El capitán se alejó pasillo abajo y yo tragué saliva.
Estuve tentado de volver a mi camarote, colgar una soga de la mampara superior y ahorcarme. En lugar de eso, llamé al timbre.
- Adelante –escuché la masculina voz de Maxwell al otro lado.
La puerta se deslizó y entré.
- Cierre la puerta, por favor –dijo su voz desde el baño.
- Ya se ha cerrado.
- Asegúrela. No queremos que nadie nos moleste.
Pulsé la combinación adecuada en el panel y después miré a mi alrededor.
La habitación era acogedora. Nunca había estado en los aposentos del primer oficial y me pareció el espacio perfecto para el seductor que él era, sobretodo cuando vi la cama redonda en la sala contigua.
- Puede ir quitándose la ropa.
Obedecí, bastante nervioso.
Había colocado una cama para masajes en el centro de la estancia, aunque me pareció demasiado baja para que pudiera ser cómoda para él.
Me quité la chaqueta del uniforme, la ceñida camiseta con el emblema de la Alianza y cuando me desabrochaba los pantalones Maxwell salió del baño.
Llevaba dos pequeños frascos en una mano, pero mis ojos no se fijaron demasiado en ellos. Se fueron directos a su miembro, que estaba en reposo y bajo el cual colgaban dos cojones peludos, grandes y apetitosos. Maxwell estaba completamente desnudo.

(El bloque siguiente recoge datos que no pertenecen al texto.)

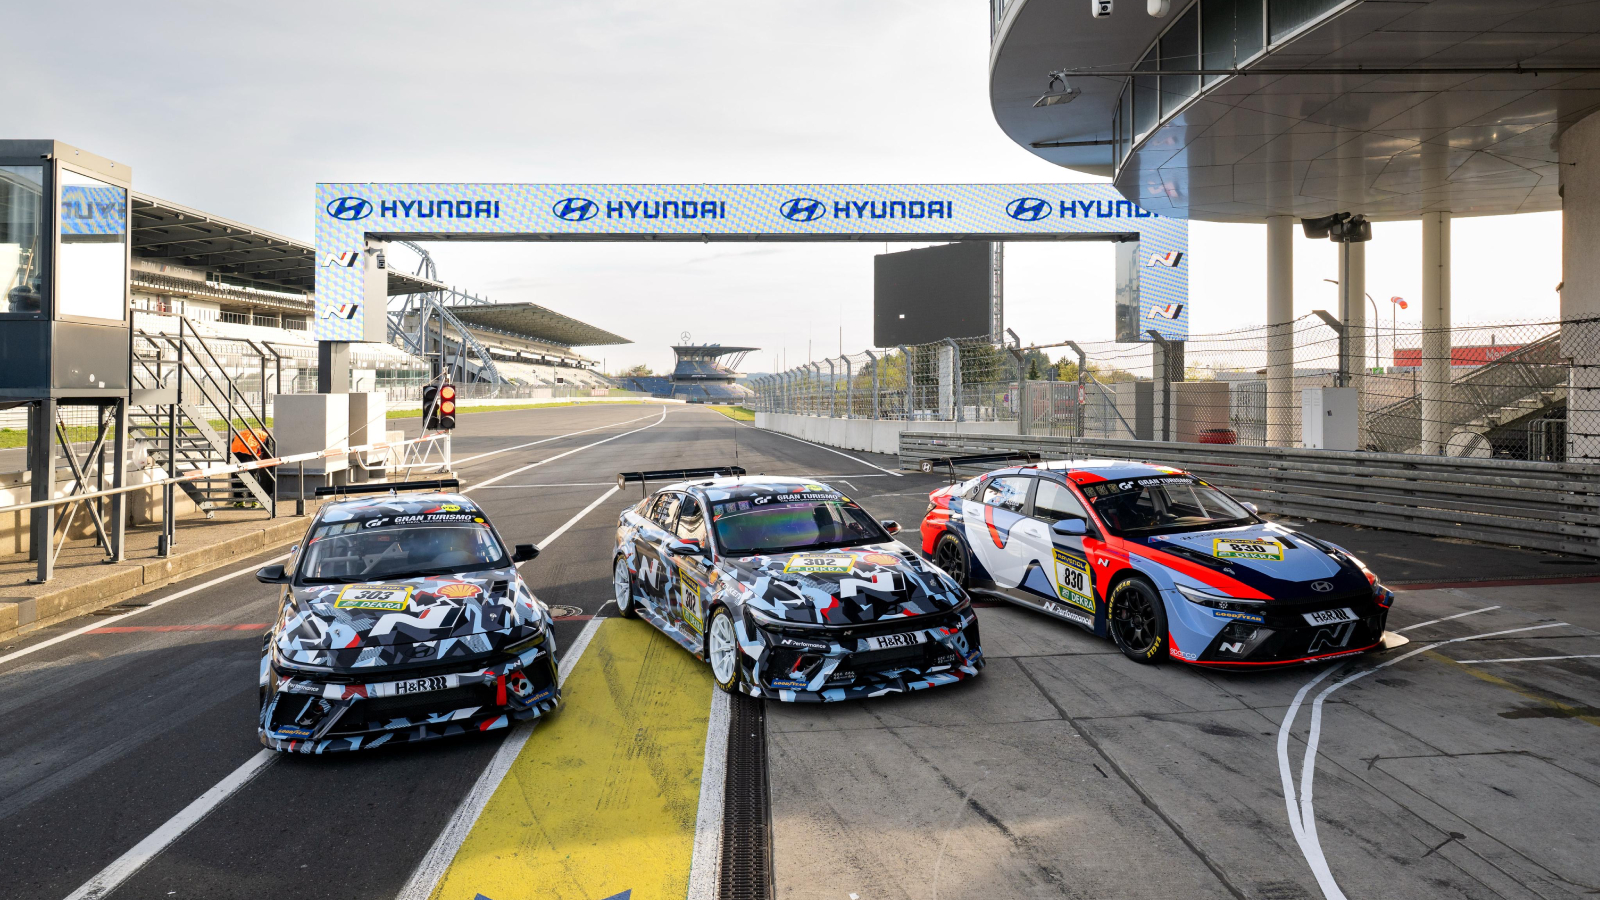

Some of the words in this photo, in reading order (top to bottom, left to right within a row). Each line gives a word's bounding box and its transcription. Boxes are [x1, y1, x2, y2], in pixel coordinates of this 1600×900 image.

[380, 200, 500, 219] HYUNDAI
[606, 200, 726, 219] HYUNDAI
[833, 200, 952, 219] HYUNDAI
[776, 493, 801, 501] GRAN
[394, 514, 425, 523] GRAN
[1229, 543, 1267, 553] 830
[803, 558, 837, 566] 302
[1057, 553, 1084, 569] RAVENOL
[1234, 552, 1277, 560] DEKRA
[1064, 567, 1084, 592] 830
[354, 590, 395, 600] 303
[685, 588, 697, 614] 302
[1071, 591, 1095, 610] DEKRA
[359, 601, 401, 609] DEKRA
[1057, 605, 1092, 625] Performance
[1215, 611, 1262, 622] GOODYEAR
[1311, 611, 1337, 623] H&R
[792, 640, 827, 649] Performance
[877, 634, 904, 648] H&R
[1146, 635, 1162, 659] EAGLE
[1169, 648, 1197, 660] sparco
[287, 682, 320, 692] Performance
[395, 679, 428, 695] H&R
[276, 728, 311, 736] GOODYEAR
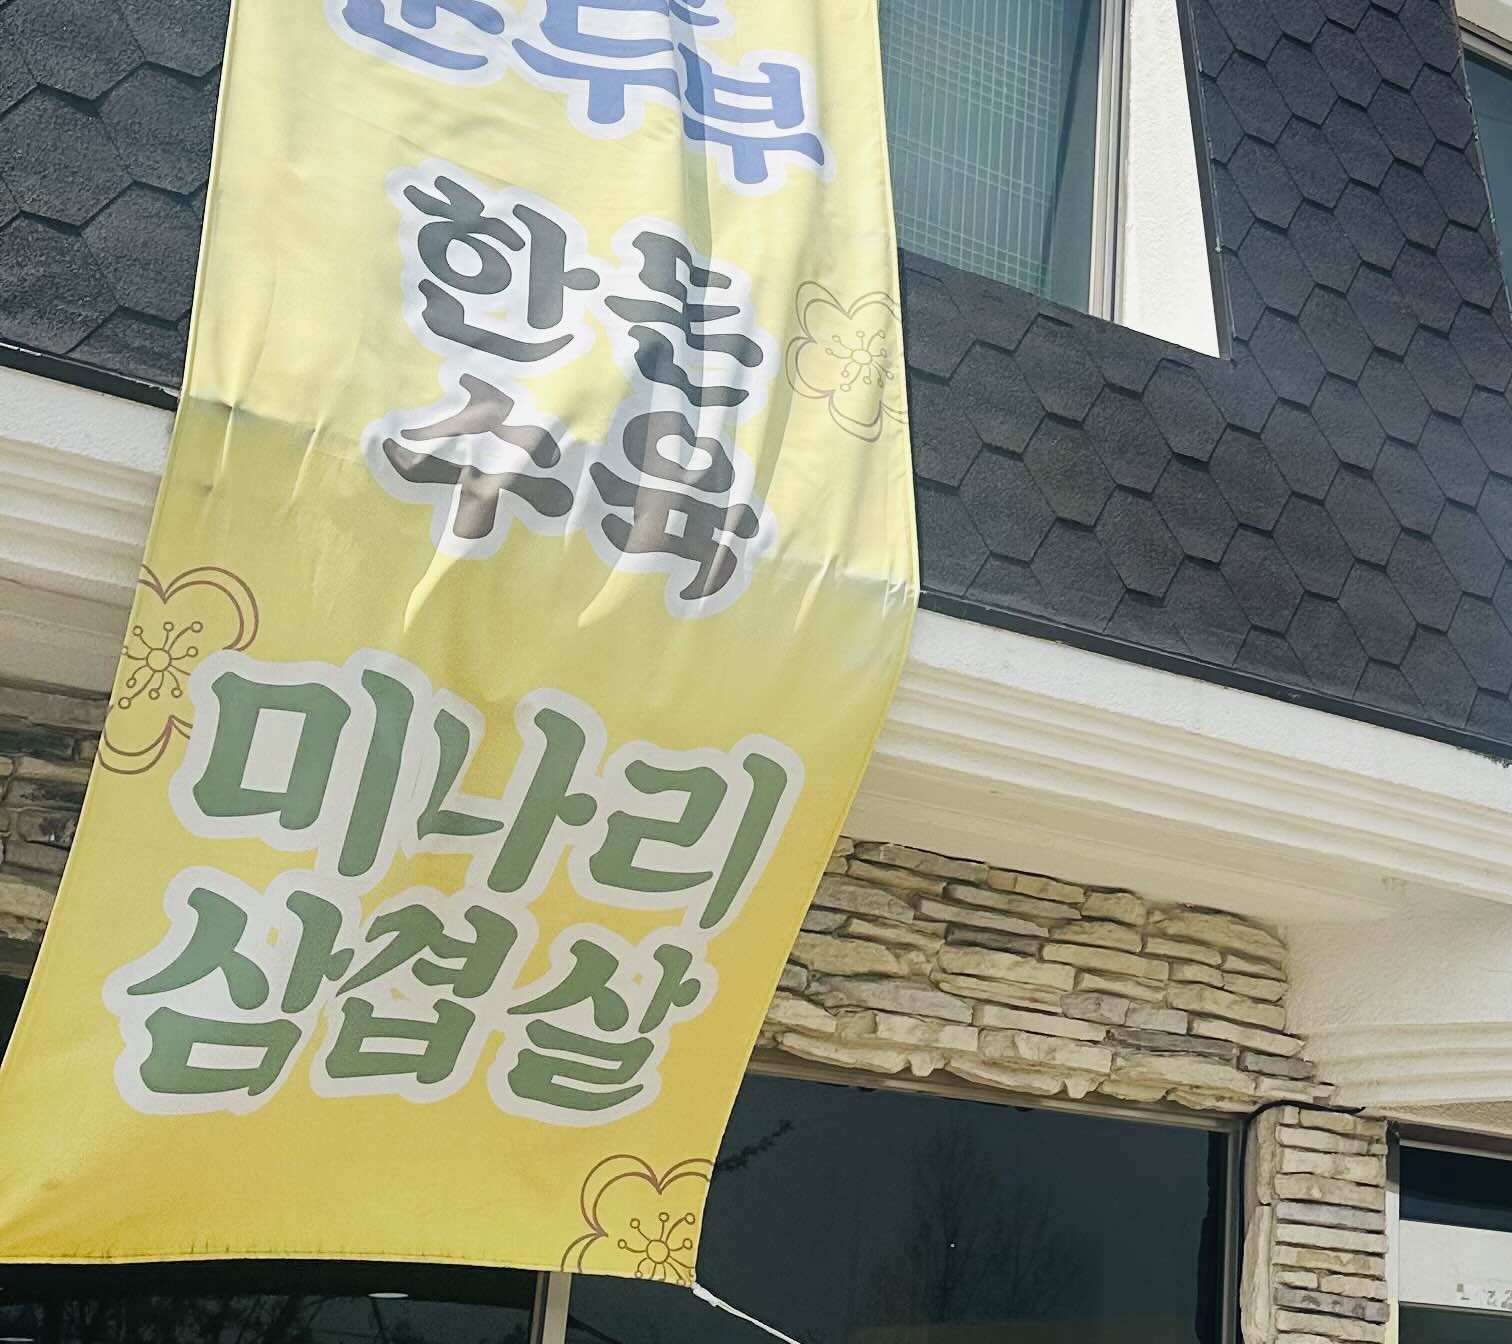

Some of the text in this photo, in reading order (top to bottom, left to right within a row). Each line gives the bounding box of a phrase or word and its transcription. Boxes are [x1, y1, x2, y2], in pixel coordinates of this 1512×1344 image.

[403, 175, 764, 409] 한돈
[380, 372, 761, 601] 수육
[192, 669, 788, 930] 미나리
[126, 886, 702, 1113] 삼겹살

- Adelante, quítese eso –dijo, como si fuera lo más normal del mundo recibir así a la gente.
Intenté quitarme los pantalones sin desabrocharme antes las botas y casi me vi en el suelo.
- Espere, lo ayudo.
Maxwell me sujetó de un brazo. Yo me agaché para desabrocharme una bota consciente de que su verga colgaba ahora cerca de mi oreja izquierda. Mi polla empezó a crecer rápidamente y supe que cuando acabara de quitarme la ropa ya estaría irremisiblemente berraco.
Conseguí quitarme ambas botas y desprenderme de los pantalones y la ropa interior sin rozarle sus atrayentes partes. No pude ocultar mi brutal erección, pero él tampoco dio muestras de haberla visto. Me pidió que me tumbara en la cama boca abajo. Lo hice.
- Esto que va a sentir ahora en la piel es un aceite de Cinópolis. Multiplica por quinientos la sensibilidad de la epidermis humana. Durante los primeros segundos creerá que es doloroso, pero después descubrirá que es lo más placentero que jamás pueda llegar a sentir. O casi.
Sentí sus manos en mi espalda y quise gritar. Aquello era el infierno en vida.
- Ya verá, en unos segundos empezará a sentirlo.
Intenté tragarme las maldiciones que salían escopeteadas de mi boca, porque comprendía que podía meterme en apuros acordarme de la madre de un superior.
- Piense que le estoy dando el aceite con mis propias manos.
- Estará hecho de otra pastaaaaaaa –grité, sin aguantarlo ni un segundo más.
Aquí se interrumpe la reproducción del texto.